• **YOUR OBJECTIVE**: The answer should be a faithful retyping of the records that follow, pictures excluded.

(Collected data)
=======

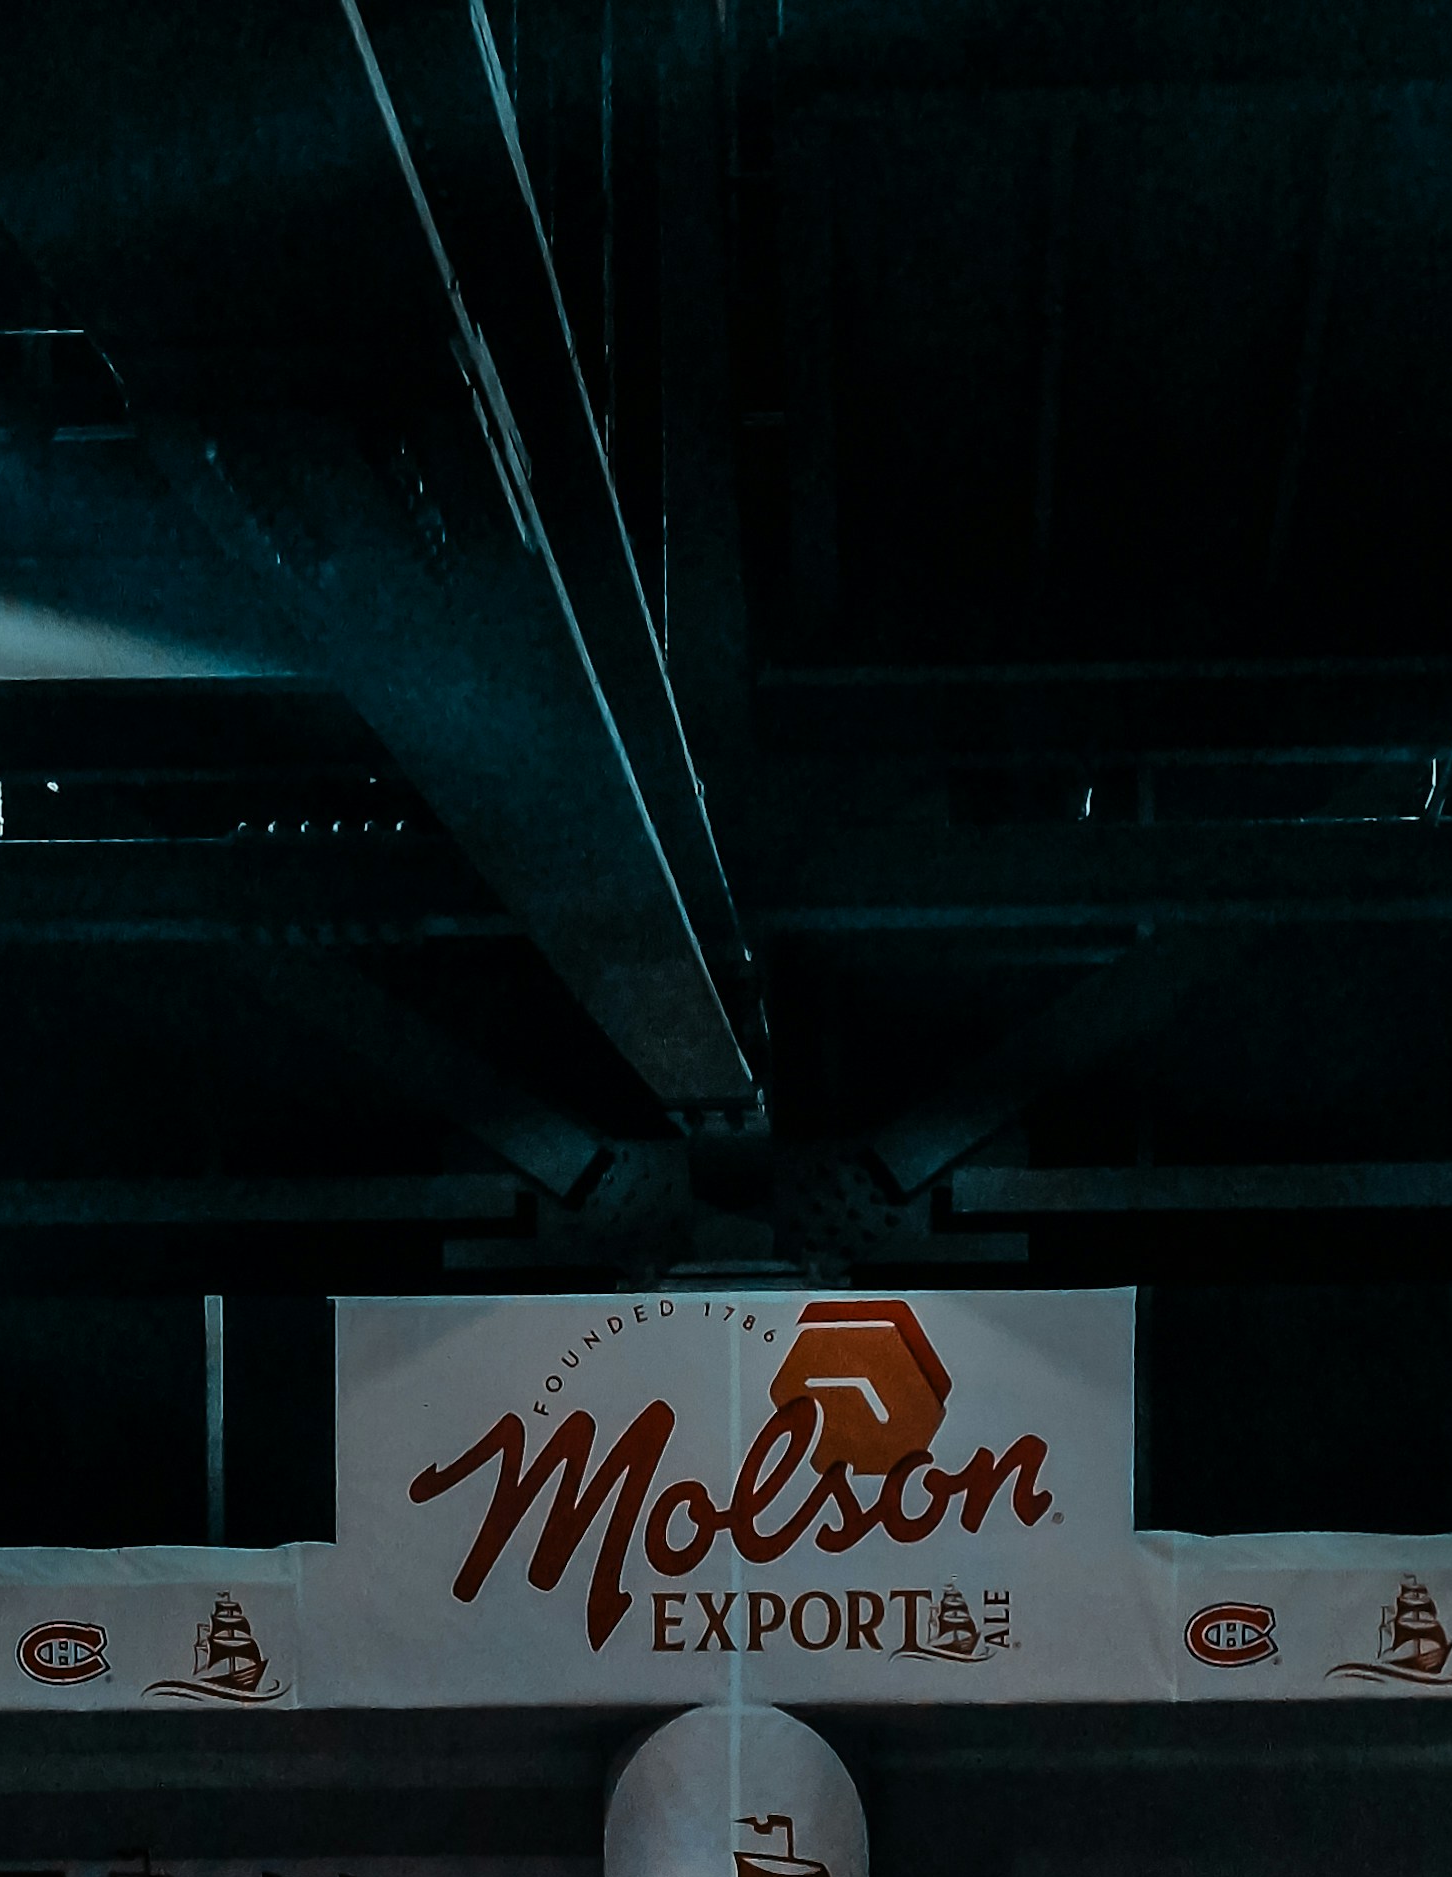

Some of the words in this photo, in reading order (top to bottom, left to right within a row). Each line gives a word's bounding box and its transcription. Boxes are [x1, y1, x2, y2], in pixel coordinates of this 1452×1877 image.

[534, 1299, 675, 1415] FOUNDED
[703, 1301, 777, 1344] 1786
[410, 1399, 1053, 1652] Molson
[652, 1589, 927, 1656] EXPORT
[984, 1590, 1011, 1649] ALE
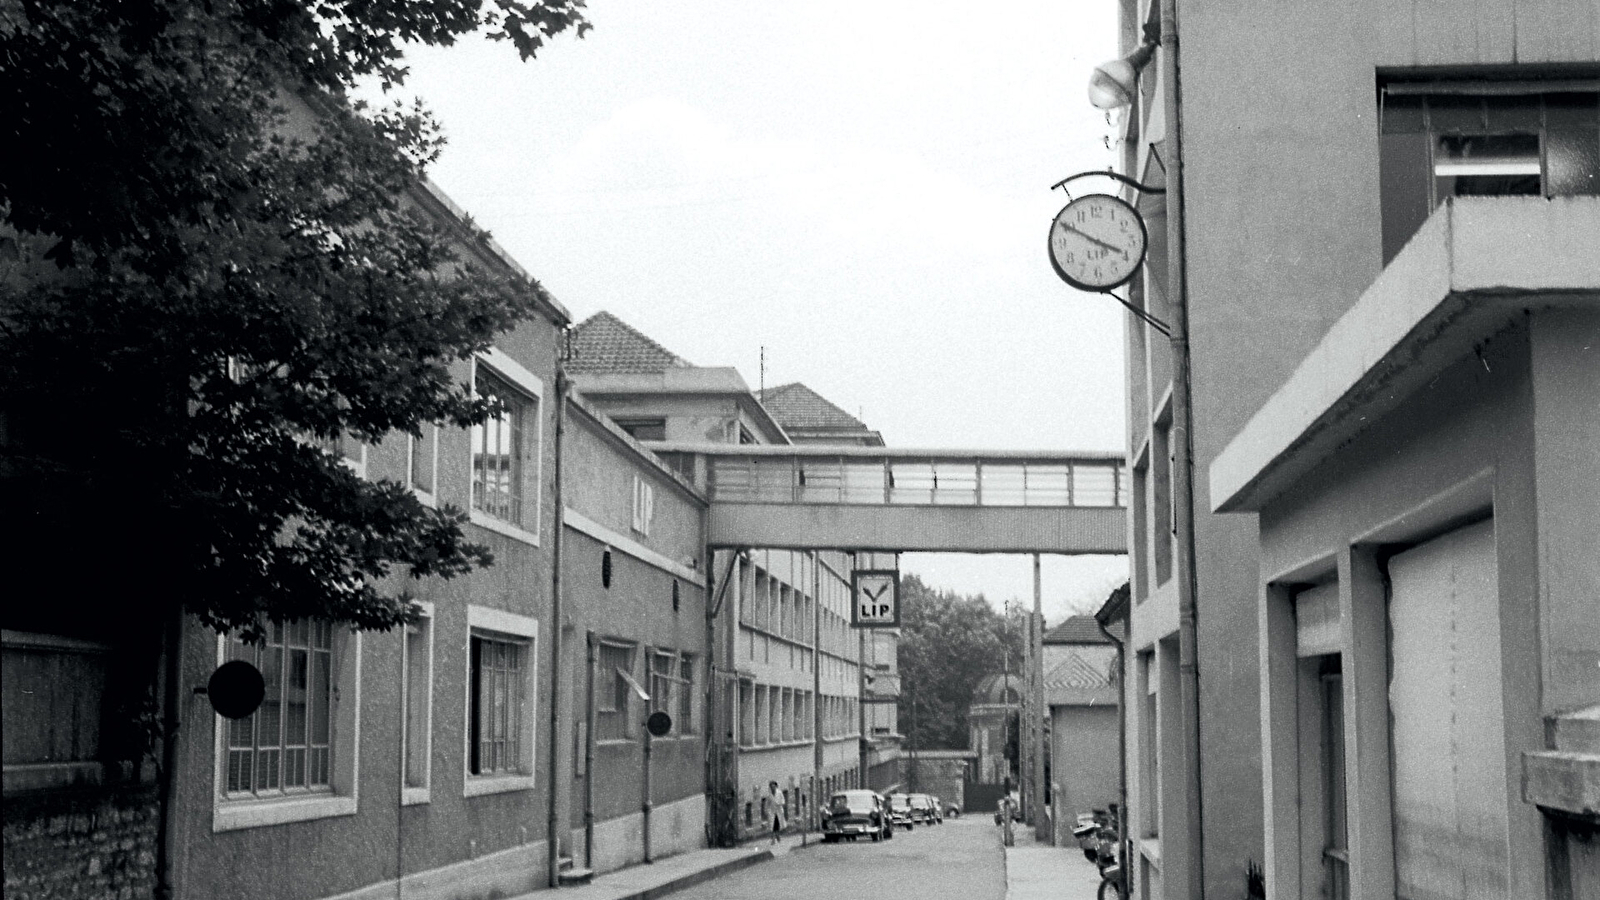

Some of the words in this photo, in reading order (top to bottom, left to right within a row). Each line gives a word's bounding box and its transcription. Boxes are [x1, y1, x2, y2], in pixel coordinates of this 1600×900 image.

=======

• **ANSWER BELOW**:
Some of the words in this photo, in reading order (top to bottom, left to right within a row). Each line gives a word's bounding box and its transcription. Boxes are [x1, y1, x2, y2], in pixel coordinates of this 1452×1877 image.

[534, 1299, 675, 1415] FOUNDED
[703, 1301, 777, 1344] 1786
[410, 1399, 1053, 1652] Molson
[652, 1589, 927, 1656] EXPORT
[984, 1590, 1011, 1649] ALE

Some of the words in this photo, in reading order (top to bottom, left to right within a row). Each line gives a word's bounding box and its transcription. Boxes are [x1, y1, x2, y2], in pixel coordinates of this 1600×900 image.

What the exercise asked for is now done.